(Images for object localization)
^^^^^^^^^^^^^^^^
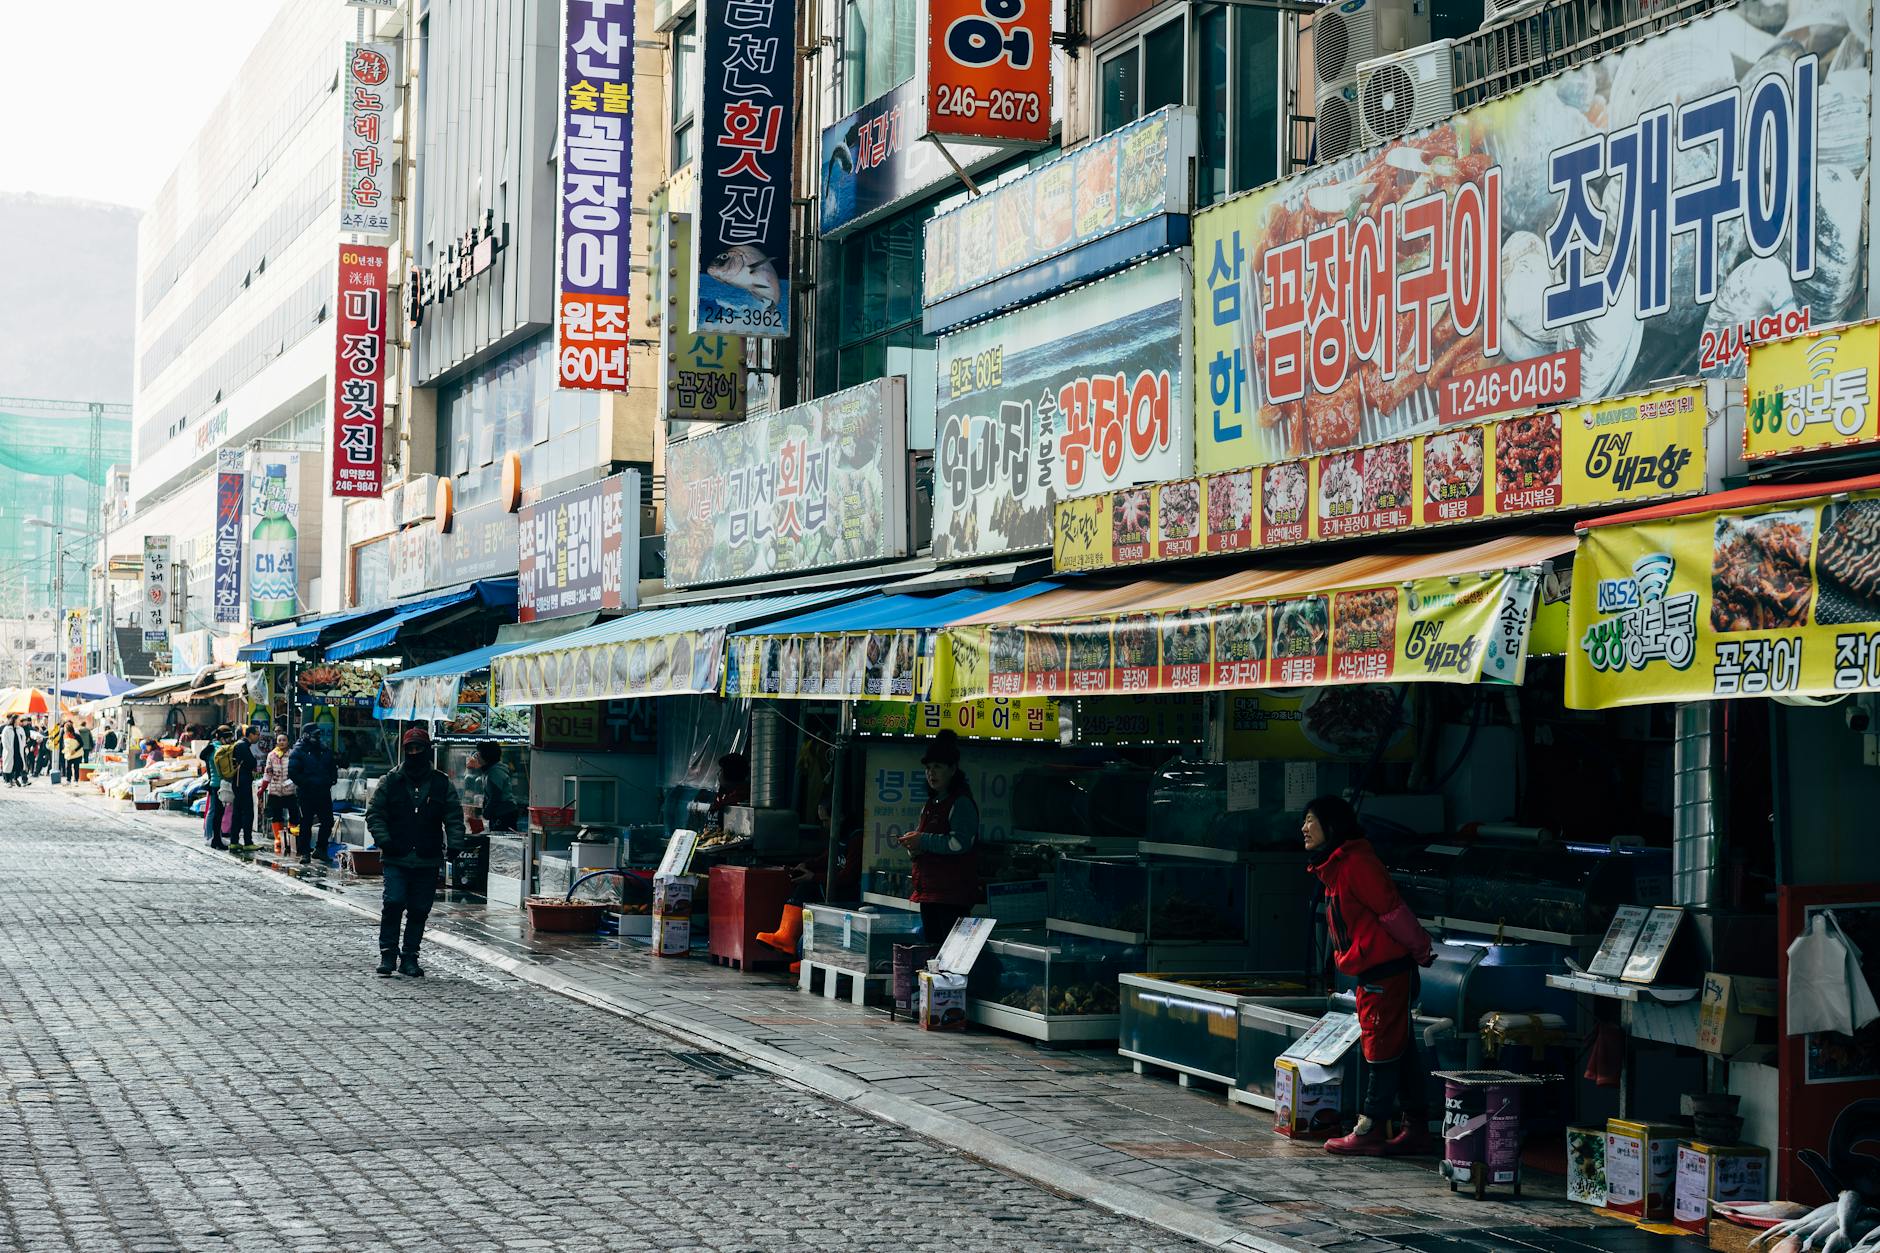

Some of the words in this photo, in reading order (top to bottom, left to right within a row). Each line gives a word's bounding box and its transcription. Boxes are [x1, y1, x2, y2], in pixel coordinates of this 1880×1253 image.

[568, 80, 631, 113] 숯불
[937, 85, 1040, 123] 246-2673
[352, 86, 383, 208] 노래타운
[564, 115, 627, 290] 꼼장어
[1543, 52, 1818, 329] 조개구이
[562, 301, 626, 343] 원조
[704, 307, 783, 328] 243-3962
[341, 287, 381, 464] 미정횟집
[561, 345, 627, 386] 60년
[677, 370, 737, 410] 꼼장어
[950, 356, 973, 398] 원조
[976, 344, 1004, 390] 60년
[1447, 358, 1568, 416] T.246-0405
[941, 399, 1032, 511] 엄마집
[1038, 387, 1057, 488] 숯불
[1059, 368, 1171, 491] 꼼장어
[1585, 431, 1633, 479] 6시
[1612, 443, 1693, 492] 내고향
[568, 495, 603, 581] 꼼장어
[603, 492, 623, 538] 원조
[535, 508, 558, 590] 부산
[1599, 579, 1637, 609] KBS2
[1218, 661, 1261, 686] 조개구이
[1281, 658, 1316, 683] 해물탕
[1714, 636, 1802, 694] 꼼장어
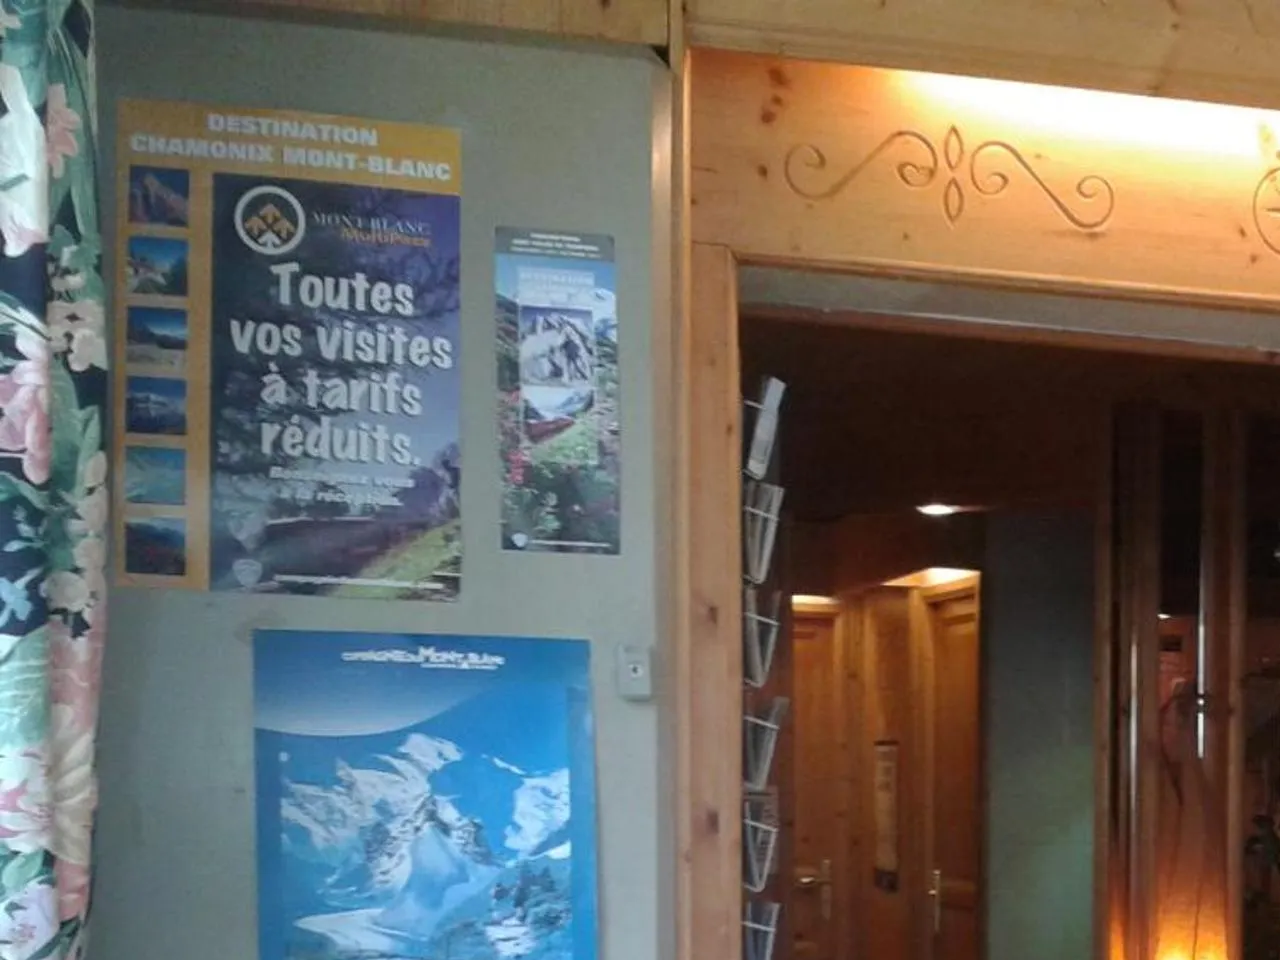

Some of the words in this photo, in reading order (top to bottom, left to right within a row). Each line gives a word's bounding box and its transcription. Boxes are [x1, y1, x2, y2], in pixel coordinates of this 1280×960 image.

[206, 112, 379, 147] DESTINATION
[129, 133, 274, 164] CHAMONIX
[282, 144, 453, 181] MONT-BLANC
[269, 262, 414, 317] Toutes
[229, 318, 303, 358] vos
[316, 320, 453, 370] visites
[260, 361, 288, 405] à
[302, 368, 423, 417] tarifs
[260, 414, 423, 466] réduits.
^^^^^^^^^^^^^^^^
## Assignment
Images stay out, but the rest of the records must be retyped exactly.

## Solution below
Some of the words in this photo, in reading order (top to bottom, left to right within a row). Each line gives a word's bounding box and its transcription. Boxes are [x1, y1, x2, y2], in pixel coordinates of this 1880×1253 image.

[568, 80, 631, 113] 숯불
[937, 85, 1040, 123] 246-2673
[352, 86, 383, 208] 노래타운
[564, 115, 627, 290] 꼼장어
[1543, 52, 1818, 329] 조개구이
[562, 301, 626, 343] 원조
[704, 307, 783, 328] 243-3962
[341, 287, 381, 464] 미정횟집
[561, 345, 627, 386] 60년
[677, 370, 737, 410] 꼼장어
[950, 356, 973, 398] 원조
[976, 344, 1004, 390] 60년
[1447, 358, 1568, 416] T.246-0405
[941, 399, 1032, 511] 엄마집
[1038, 387, 1057, 488] 숯불
[1059, 368, 1171, 491] 꼼장어
[1585, 431, 1633, 479] 6시
[1612, 443, 1693, 492] 내고향
[568, 495, 603, 581] 꼼장어
[603, 492, 623, 538] 원조
[535, 508, 558, 590] 부산
[1599, 579, 1637, 609] KBS2
[1218, 661, 1261, 686] 조개구이
[1281, 658, 1316, 683] 해물탕
[1714, 636, 1802, 694] 꼼장어

Some of the words in this photo, in reading order (top to bottom, left to right within a row). Each line gives a word's bounding box and its transcription. Boxes are [x1, y1, x2, y2], in pixel coordinates of this 1280×960 image.

[206, 112, 379, 147] DESTINATION
[129, 133, 274, 164] CHAMONIX
[282, 144, 453, 181] MONT-BLANC
[269, 262, 414, 317] Toutes
[229, 318, 303, 358] vos
[316, 320, 453, 370] visites
[260, 361, 288, 405] à
[302, 368, 423, 417] tarifs
[260, 414, 423, 466] réduits.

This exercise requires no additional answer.